Vezot Haberakh'a

 Quand la joie verse des larmes, c'est qu'on est au bout du rouleau.

 

En refermant le livre de ta parole, Oh Moise notre maître, je ne me résous pas à croire que tu as écrit le mot de la fin. Tu me renvoies aux premières pages de la Genèse comme la biche aux prémices de la source pour apaiser les maux de la faim et de la soif inassouvies. Je te vois enjamber d'un seul bond cette montagne qui sera ta dernière demeure. Tu es le seul homme, qui de son vivant, écrit le récit de sa mort et tu es parti comme le plus simple des mortels dépouillant ton âme d'un corps qui n'a jamais connu l'impureté et qui sera enseveli par le Saint des Saints dans les entrailles des six premiers jours de la terre. Tu as vieilli dans la fleur de l'age conservant ta fraîche vigueur et l'acuité de ton vif regard. Serviteur de D. tu le serviras encore plus haut dans le face à face céleste. Quand tu écrit ta mort avec tes propres larmes c'est pour pleurer le peuple que tu quittes. Aucune bouche ne peut faire l'éloge de ta grandeur; ton humilité se refuserait à l'entendre. Avec mes larmes j'écris l'amour de ton nom. La terre toute entière ignorera ta tombe inconnue parce que le cœur de chaque enfant d'Israël est la vallée où repose ton esprit. Tu as pleuré mes larmes et je pleure à mon tour celles du berceau dans le Nil. La lumière qui a baigné ta naissance comme celle qui émane de ton visage, tu les as irradiées dans notre Sefer Tora et toi, tu retournes dans l'hombre de ton humilité. Le secret même de ton face à face tu ne l'as pas gardé, tu l'as livré avec ton cœur.

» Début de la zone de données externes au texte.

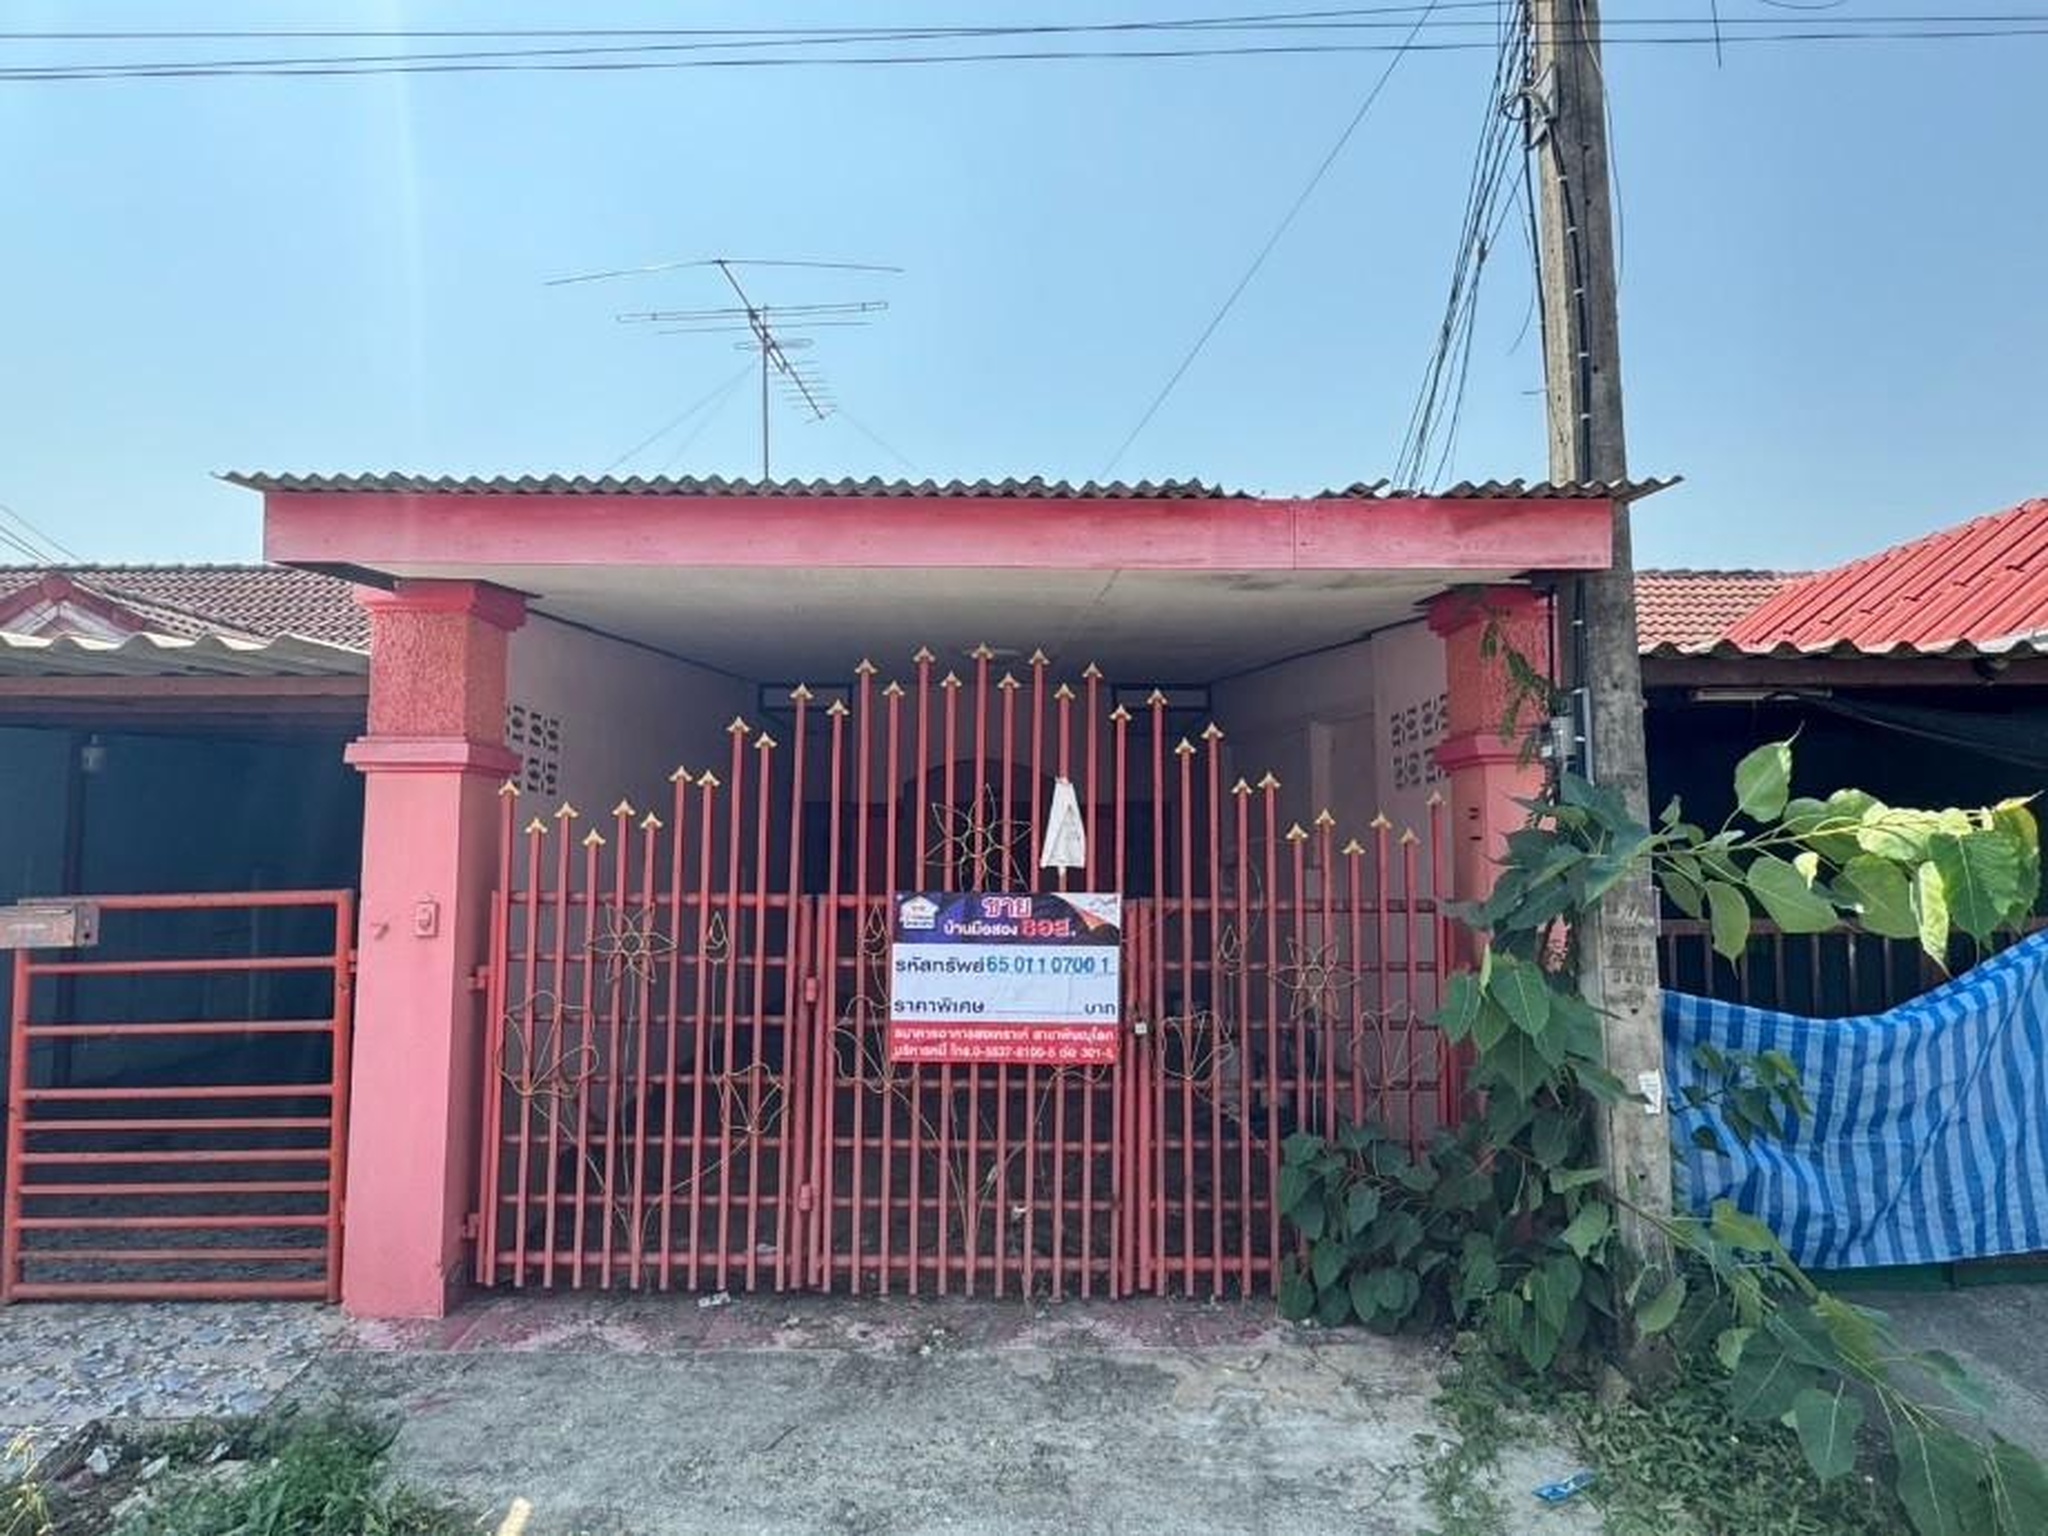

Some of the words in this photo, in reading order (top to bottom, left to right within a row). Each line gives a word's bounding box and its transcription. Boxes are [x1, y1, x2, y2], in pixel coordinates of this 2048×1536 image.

Les jours de ta vie ont rempli tes cent vingt ans offerts comme prélèvement aux six mille ans du cycle terrestre. La grande famille des prophètes d'Israël parlera d'une même voix, la tienne, inégalée, sur toute la surface de la terre et pour tous les temps. Du sommet de la crête, tes yeux ont contemplé la terre de la promesse depuis Dan jusqu'à Beer Sheva. Ton regard a visité la caverne des Patriarches et s'est promené sur le Mont du Temple. Comme dans un film qui coule en cascade, les eaux du Jourdain ont reflété pour toi l'histoire mouvementée et impétueuse de ton peuple jusqu'au jour de la résurrection. Tu pars avec ta solitude toi qui a meublé le monde par la présence de celui qui est venu du Sinaï, en éclairant le lever du jour d'une lumière qu'Edom a méprisé, nous gratifiant de la majestueuse manifestation qu'Ismaël a dédaignée. Tu nous as présenté ce D. quittant les myriades de mondes sacrés au nom de l'amour porté à nos patriarches, tenant dans sa main droite, clemante, la flamme chaleureuse; et nous aux pieds de la majesté divine nous avons juré de porter haut sa parole et avons accepté que le seul héritage de l'assemblée de Jacob soit ta Torah. Notre droiture sera le sceptre divin et notre unité sera son trône glorieux. Oh Moise mon maître, tu es l'homme de D. sans te prendre pour le dieu des hommes. Tu as transmis sa parole sans te l'approprier ni la dénaturer. Tu ne l'a pas volée, ni plagiée en disant:"En vérité, je vous le dis." Tu ne t'es jamais pris pour la vedette sur laquelle se ferme le rideau. Le spectacle de l'aventure du monde continue et s'ouvre toujours sur une re-création. Le dernier mot que tu as à la bouche, dans ton œuvre prophétique, c'est le nom d'Israël. Quand tu signes la Torah tu n'y apposes même pas ton nom. C'est que la Torah est une histoire qui n'a pas de fin puisque Israël est bien la finalité de Berechit.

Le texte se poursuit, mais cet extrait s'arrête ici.